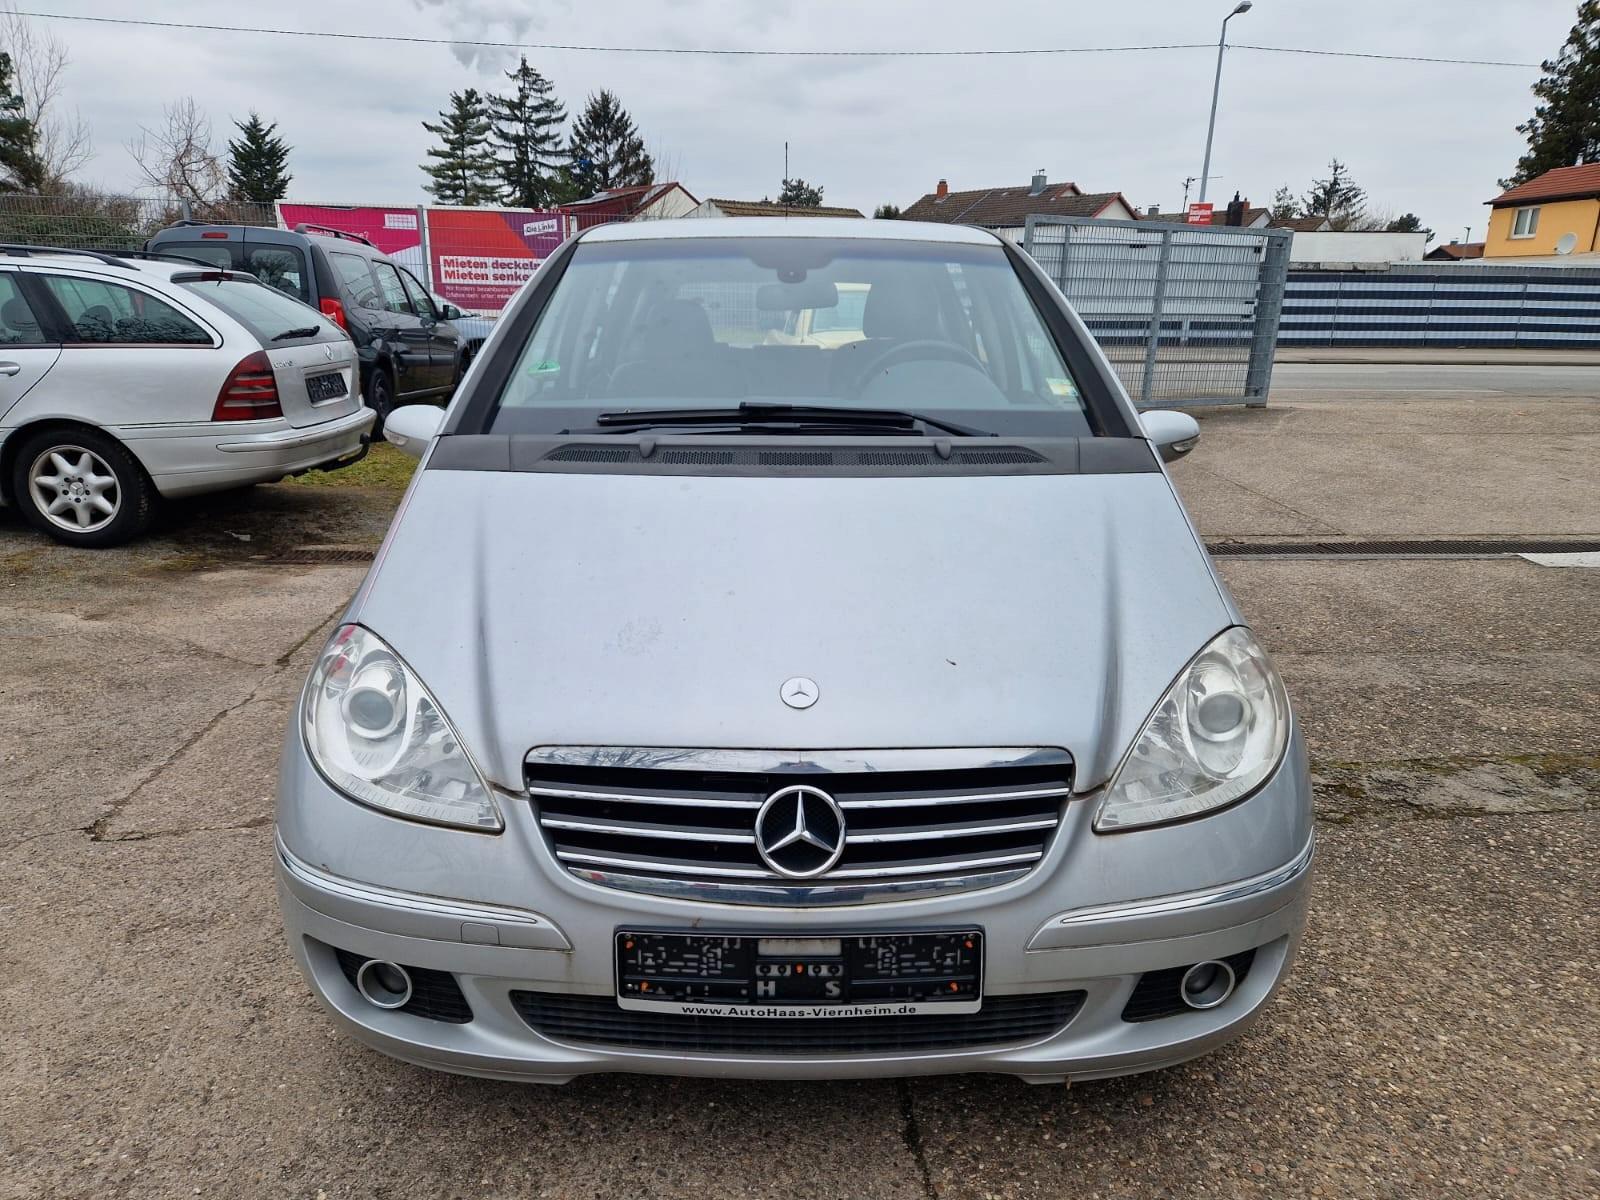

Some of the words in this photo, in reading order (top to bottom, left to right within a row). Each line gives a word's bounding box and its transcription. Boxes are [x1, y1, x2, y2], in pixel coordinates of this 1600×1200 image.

[526, 225, 537, 233] Die
[538, 222, 555, 232] Linke
[443, 258, 488, 269] Mieten
[444, 269, 489, 281] Mieten
[492, 271, 532, 282] senke
[681, 1004, 917, 1018] www.AutoHaas-Viernheim.de

◆ ◆ ◆ ◆ ◆

§ **TASK**: Word for word, reproduce the material above and omit each image.

§ **RESPONSE**:
Some of the words in this photo, in reading order (top to bottom, left to right within a row). Each line gives a word's bounding box and its transcription. Boxes are [x1, y1, x2, y2], in pixel coordinates of this 1600×1200 image.

[526, 225, 537, 233] Die
[538, 222, 555, 232] Linke
[443, 258, 488, 269] Mieten
[444, 269, 489, 281] Mieten
[492, 271, 532, 282] senke
[681, 1004, 917, 1018] www.AutoHaas-Viernheim.de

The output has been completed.